### Stored items from a collection
⁂

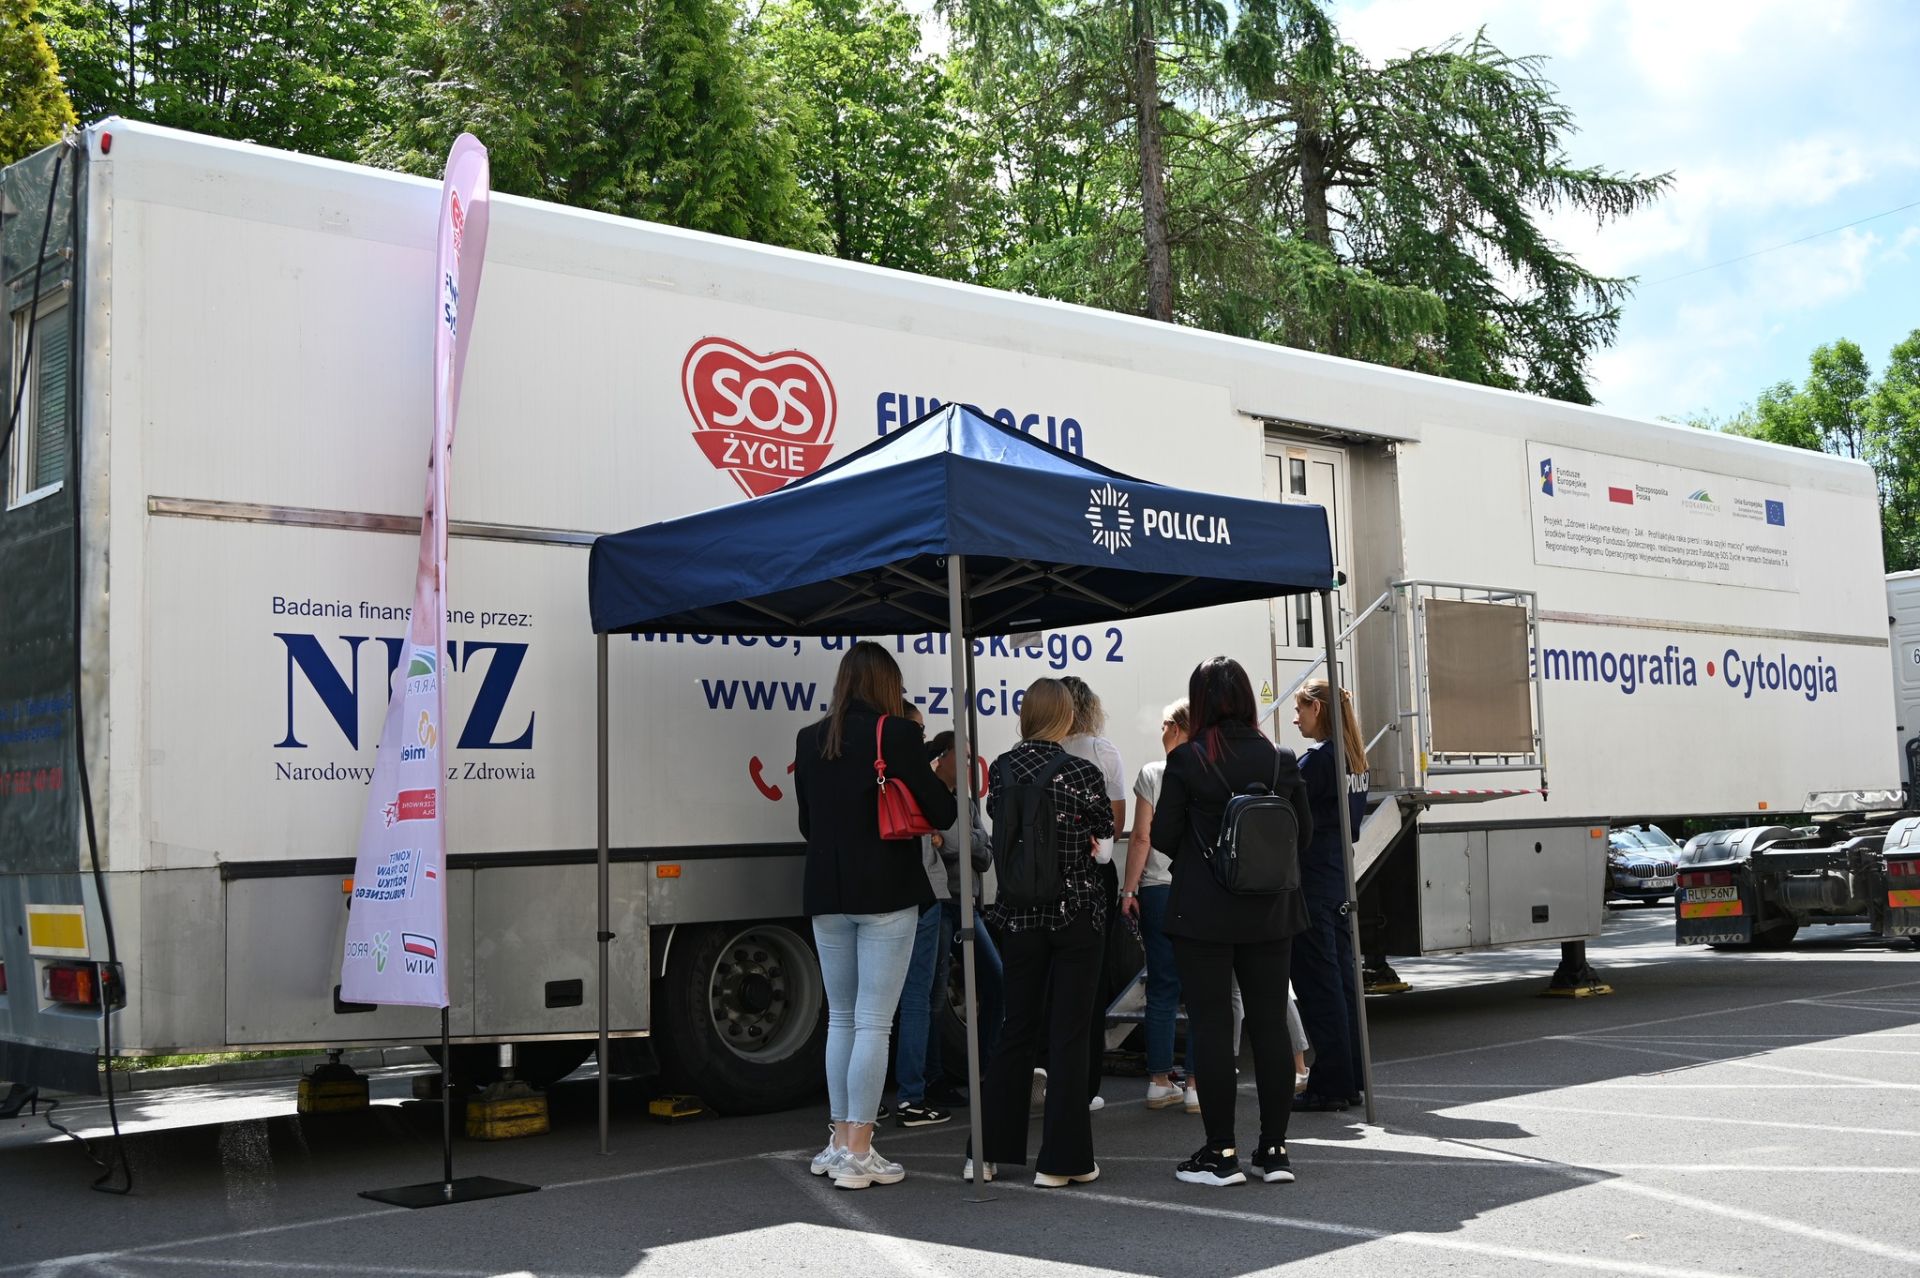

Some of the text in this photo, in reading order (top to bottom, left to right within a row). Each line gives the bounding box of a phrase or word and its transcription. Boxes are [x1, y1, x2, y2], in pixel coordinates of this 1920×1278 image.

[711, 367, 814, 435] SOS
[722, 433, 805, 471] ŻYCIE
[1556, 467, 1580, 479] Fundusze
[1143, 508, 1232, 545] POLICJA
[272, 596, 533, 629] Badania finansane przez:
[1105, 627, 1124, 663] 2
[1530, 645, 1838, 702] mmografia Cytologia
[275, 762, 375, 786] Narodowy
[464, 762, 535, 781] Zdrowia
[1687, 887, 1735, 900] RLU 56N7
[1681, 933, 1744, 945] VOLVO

⁂

### WHAT TO PRODUCE
Write out each entry word for word, images excluded.

### OUTPUT BELOW
Some of the text in this photo, in reading order (top to bottom, left to right within a row). Each line gives the bounding box of a phrase or word and its transcription. Boxes are [x1, y1, x2, y2], in pixel coordinates of this 1920×1278 image.

[711, 367, 814, 435] SOS
[722, 433, 805, 471] ŻYCIE
[1556, 467, 1580, 479] Fundusze
[1143, 508, 1232, 545] POLICJA
[272, 596, 533, 629] Badania finansane przez:
[1105, 627, 1124, 663] 2
[1530, 645, 1838, 702] mmografia Cytologia
[275, 762, 375, 786] Narodowy
[464, 762, 535, 781] Zdrowia
[1687, 887, 1735, 900] RLU 56N7
[1681, 933, 1744, 945] VOLVO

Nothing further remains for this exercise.